4. Trouble Communicating
Verbal communication can become very difficult for people experiencing dementia, ranging from forgetting the right word to use or describe, calling objects by the wrong name, to a total loss of the ability to communicate.
5. Behavioral Changes
Depression is a common factor amongst the elderly as well as the demented and complicates the diagnosis. The person may be more prone to wander and get lost, change their personality in a radical way, engage in unsafe behaviors and many other ways.
6. Decision Making
As the brain disintegrates through dementia the person becomes much more vulnerable to the power of suggestion, telemarketers, door-to-door salesman and other predators. Left to their own decision-making many demented people cannot make even simple decisions.

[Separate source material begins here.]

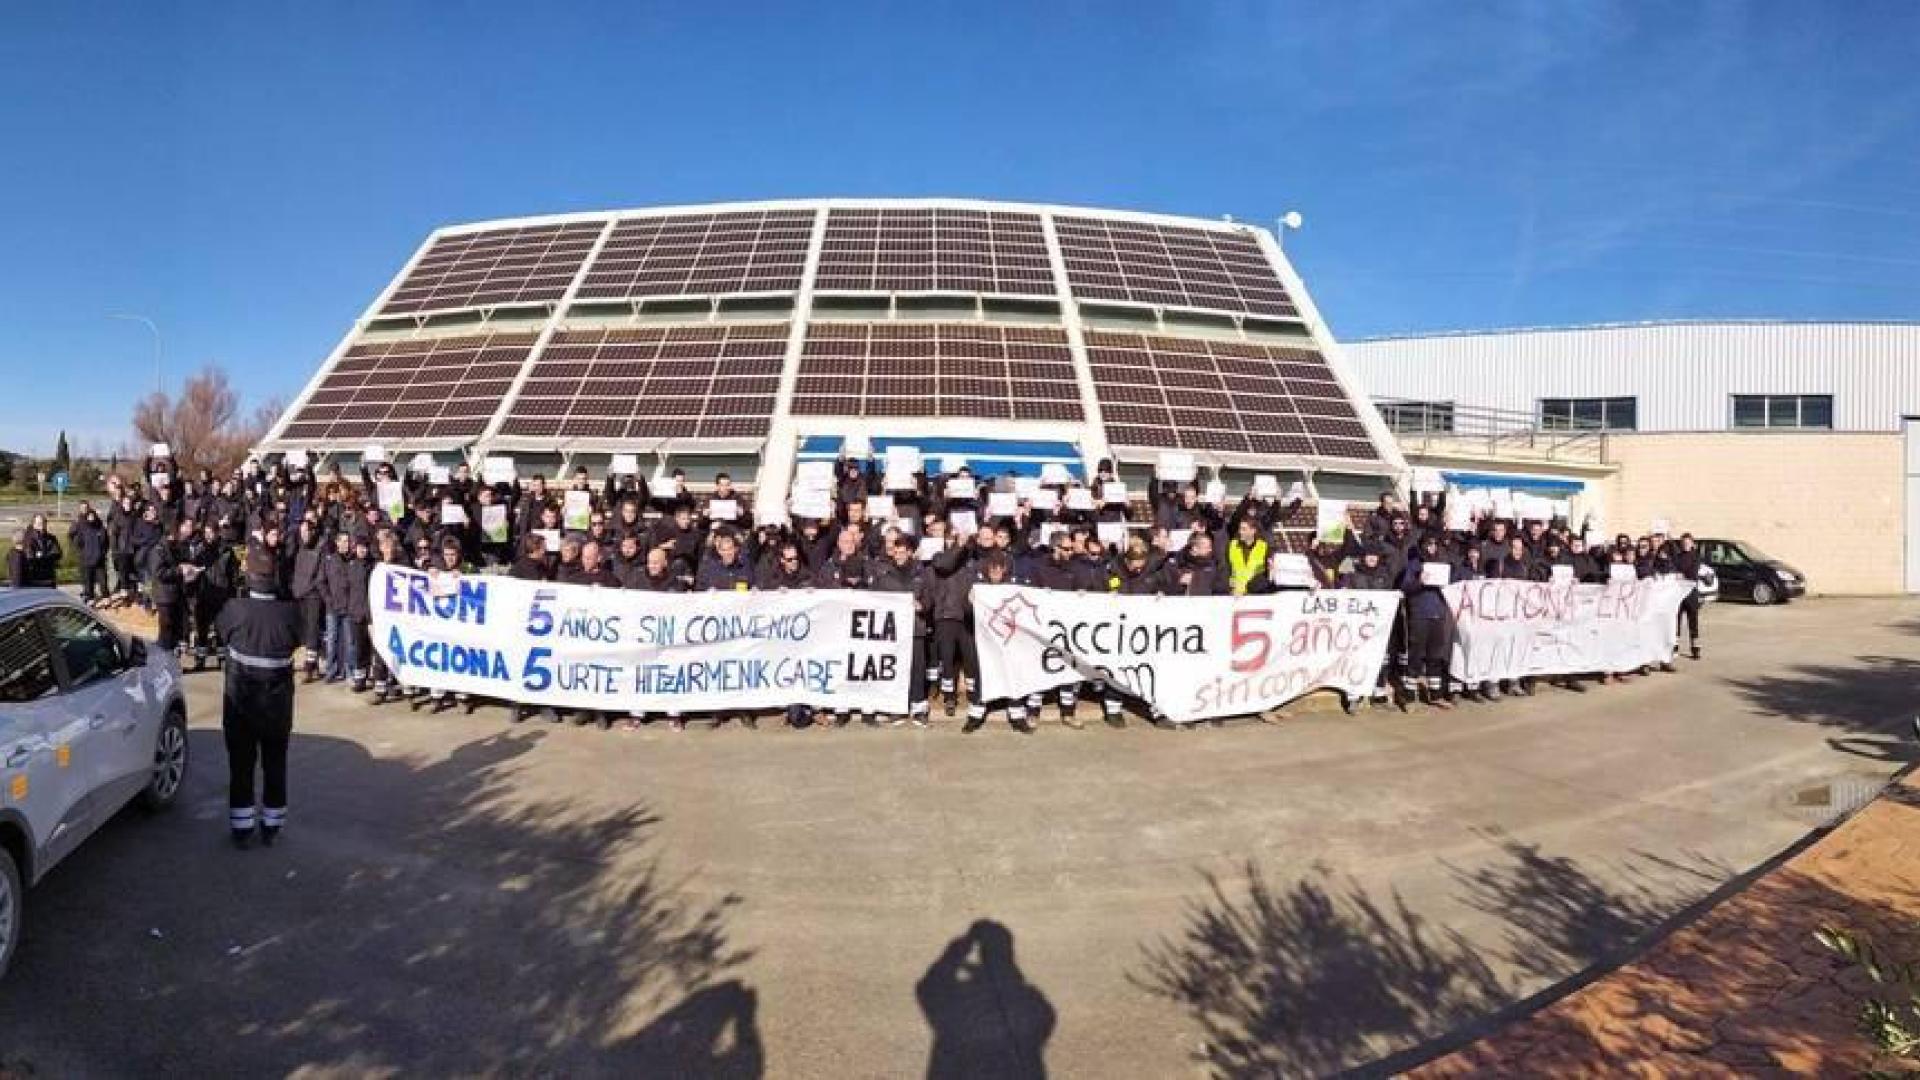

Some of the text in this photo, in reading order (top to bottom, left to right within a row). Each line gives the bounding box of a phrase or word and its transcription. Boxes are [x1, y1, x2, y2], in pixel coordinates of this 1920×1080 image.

7. Decline in Personal Hygiene
People with dementia frequently display a total lack of regard to brushing their teeth and washing their body and their clothing. They often do not wash their hair or clip their nails and their household may be a germ and mold infested area.
8. Skipping Meals
Persons experiencing dementia may start to lose interest in food and skip meals altogether, or alternatively may forget that they just ate and eat multiple times. Left to their own devices, they will not eat a healthy diet and will resort to easy to access junk food.
9. Time and Location
Is common for demented people to mix night and day, and to forget where they are or how they got there and how do get home.
11. Delusions or Paranoia
Many demented people, particularly those suffering from Alzheimer’s disease can become extremely suspicious or paranoid of others to the extent that they fear someone is trying to kill them, harm or steal from them. These people often phone the police and report things like people stealing from their ATM only to shown the film that it a themselves who withdrew the money.
12. Social and Family Withdrawal
A demented person may start to remove themselves from hobbies, social activities, sports and family engagements. The changes they are experiencing can be frightening and overwhelming and may drive them away from spending time with other people.